彼は珍しくアイアンハイドの執務室に訪ねてきた。国家元首の執務室の隣にあるその部屋は小さいながらもそれなりに快適な場所だ。
その日暇を出されていたアイアンハイドは、どこにも行かずに主の傍にいた。自分の執務室に篭り、任務に必要なデータの整理をしていた。他の護衛官が彼を護っているのは知っているが、それでも傍に控えていたかった。
センサーの感度を最高にしていたので、彼が訊ねてきたのはすぐに分かった。仕事に関することだと思っていたが、彼の態度からそうではないということが知れた。
メガトロンに椅子を勧めながら、では一体なんの用なのだろう、とアイアンハイドが考えていると声がかかった。
「いきなりすまんな」
「いえ。そんなかまいません」
尊敬する上官に謝りの言葉をかけられ、アイアンハイドは心底驚いた。とっさに出た言葉に自ら恥じる。もっと他に言い方があるだろうにと。
そんなアイアンハイドにメガトロンは笑った。悪い笑いではなかった。
「そうか」
「ええ。貴方が何を遠慮なさることがあるのです」
「相変わらずのようだな、アイアンハイド。仕事は上手くやっているようだな」
「ありがとうございます、閣下。貴方にそう仰っていただけるとは光栄です」
「ふむ。時にアイアンハイド。ひとつ聞いておきたいことがある。良いか」
「どうぞ、なんなりと仰ってください」
アイアンハイドは深く礼をした。メガトロンは頷き、彼に座るようにと言った。再びアイアンハイドは礼をし、先ほどまで座っていた椅子に腰をかけた。
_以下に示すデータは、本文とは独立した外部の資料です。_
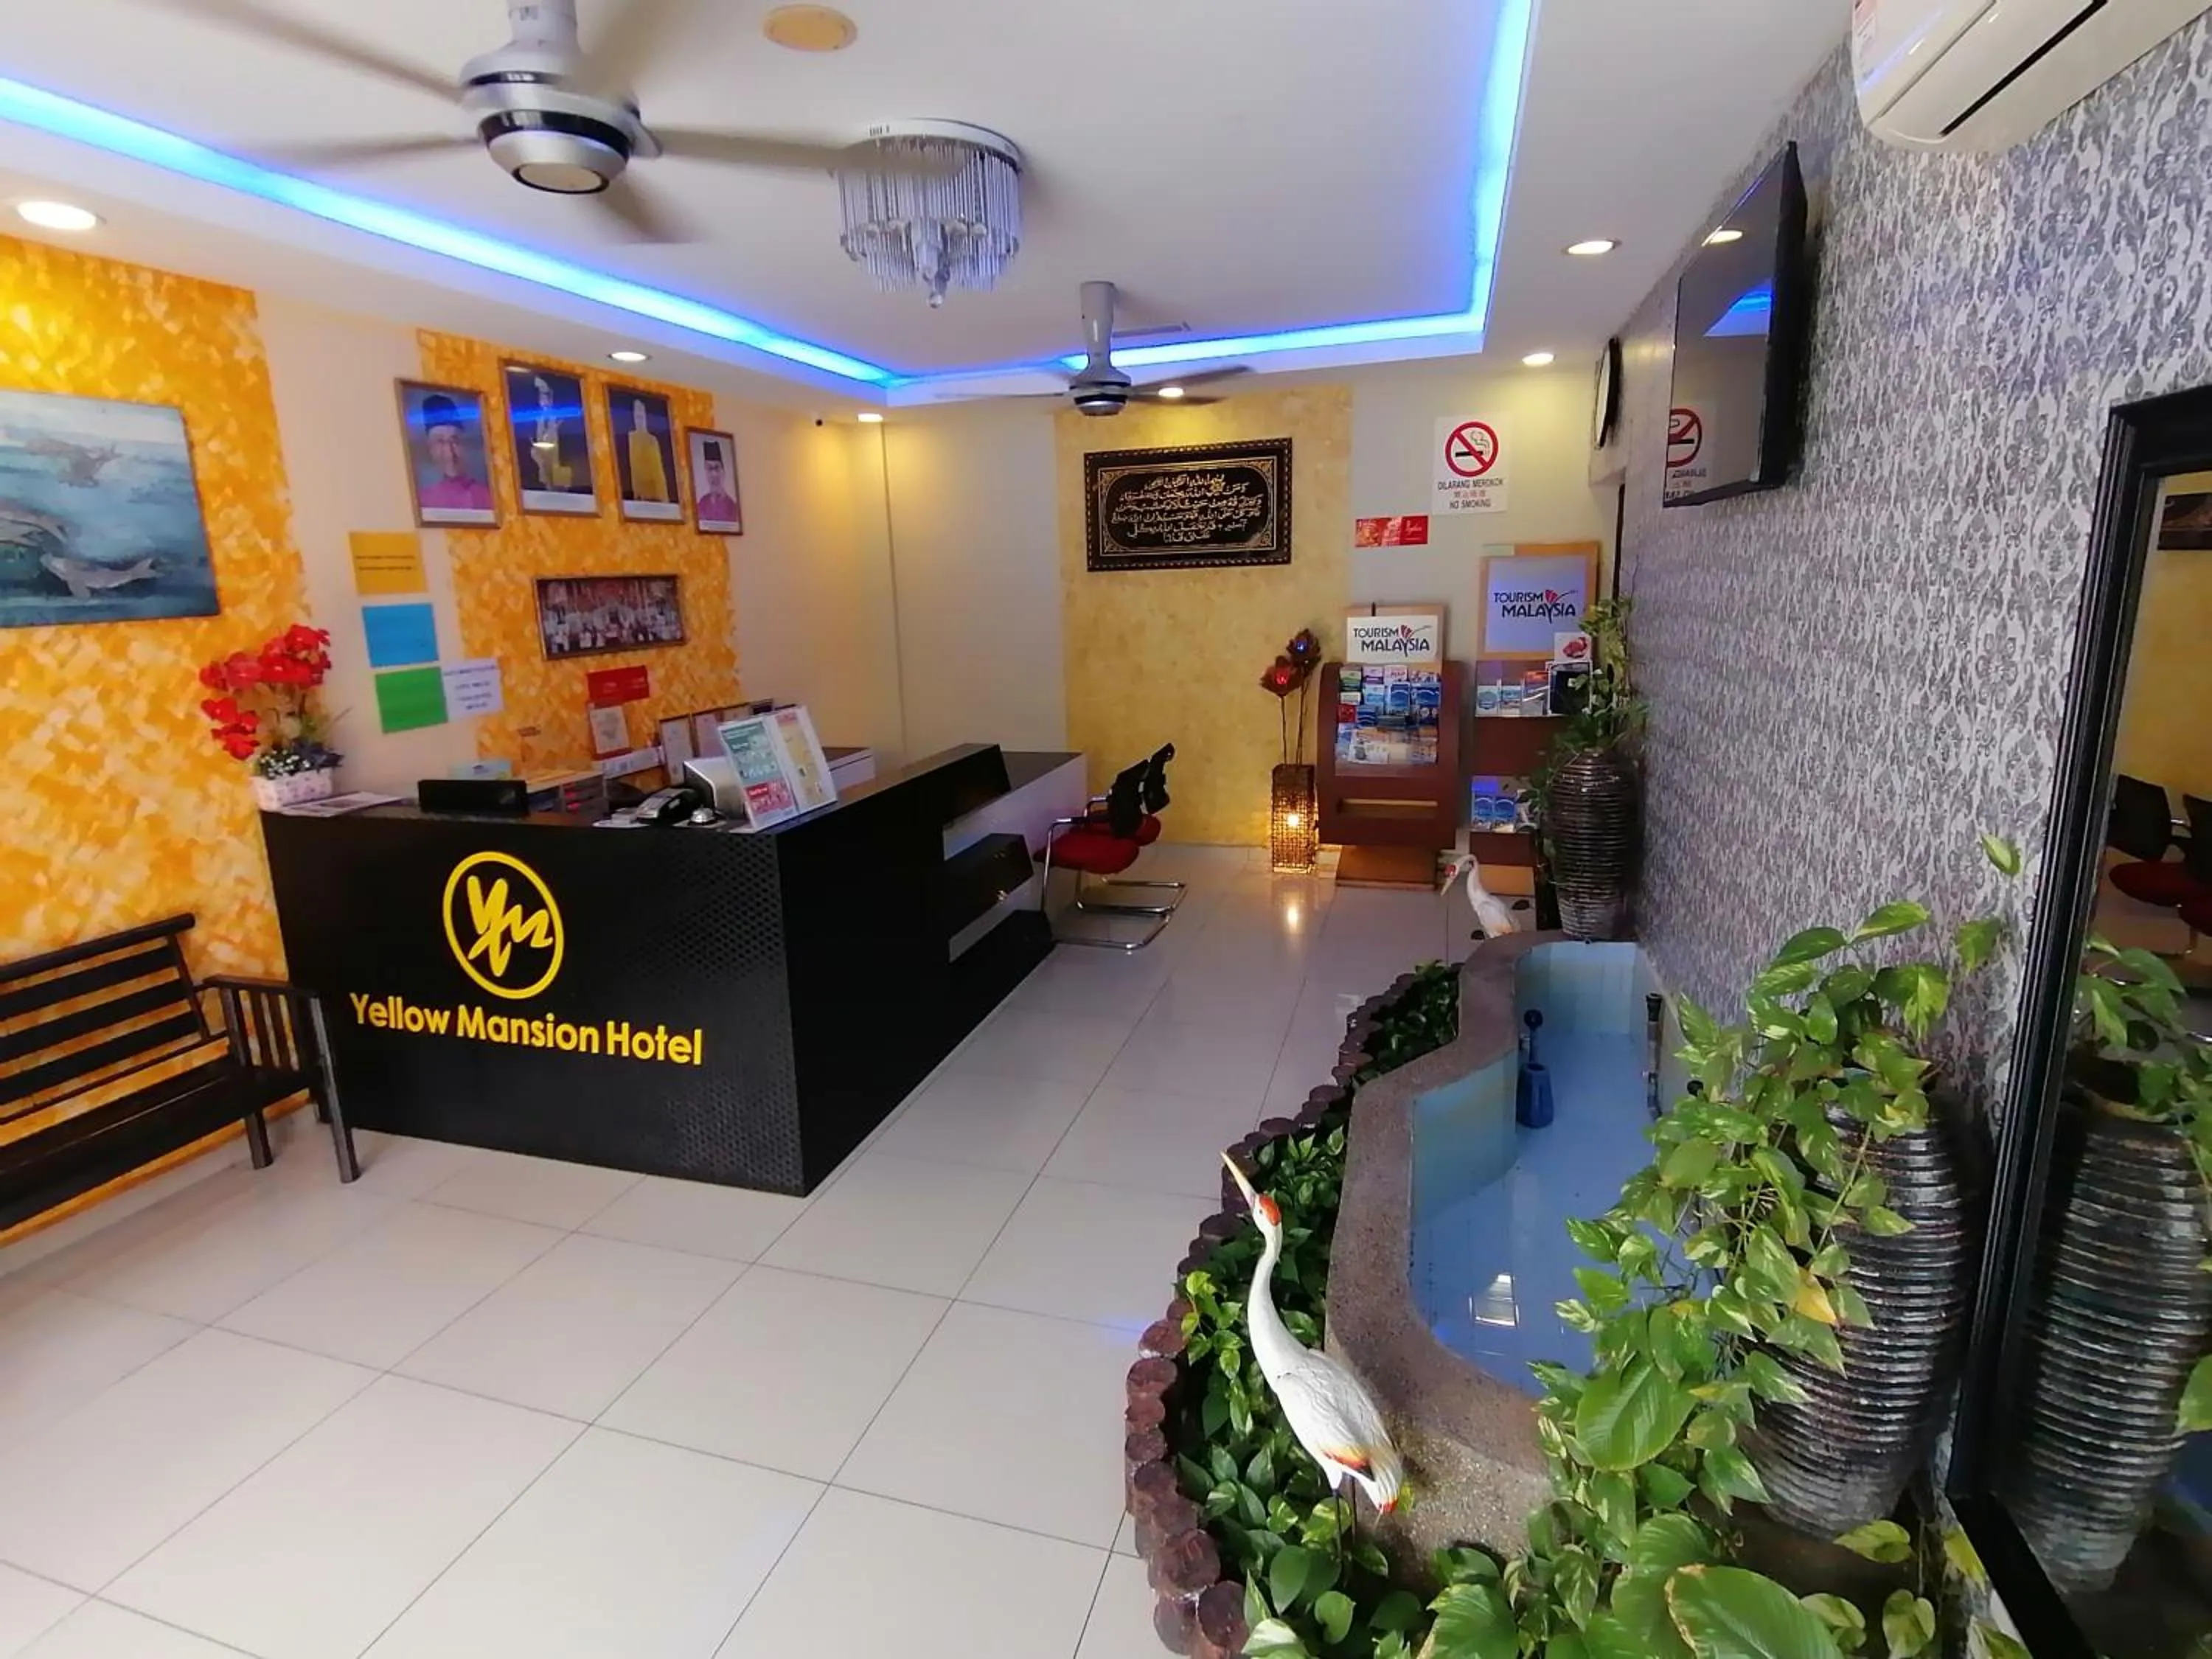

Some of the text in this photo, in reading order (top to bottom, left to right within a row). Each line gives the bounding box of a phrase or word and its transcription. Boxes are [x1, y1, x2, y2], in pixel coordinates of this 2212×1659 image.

メガトロンは穏かながらも強い意志の篭った眼でアイアンハイドを見ていた。そこに灯るのは虚偽を決して許さない光だ。アイアンハイドは居住まいを正し、神妙にメガトロンの言葉を待った。
「アイアンハイド。お前が護るべきは誰だ?」
今更な質問だと思った。それを今何故聞くのか、アイアンハイドには分からなかった。しかしメガトロンがわざわざ訊ねてまで改めて聞くことだ。答えなくてはならない。
簡単な質問だ。答えはひとつしかなく、すぐに出る。
「我が国家元首、オプティマス・プライム。その人です」
「うむ。それは任務か、それとも・・・私情か」
今度は難しい質問だった。任務で良いのだろうが、アイアンハイドはすでに任務を超えたところでオプティマスを護りたいと思っている。しかしそれを正直にメガトロンに答えて良いのだろうか。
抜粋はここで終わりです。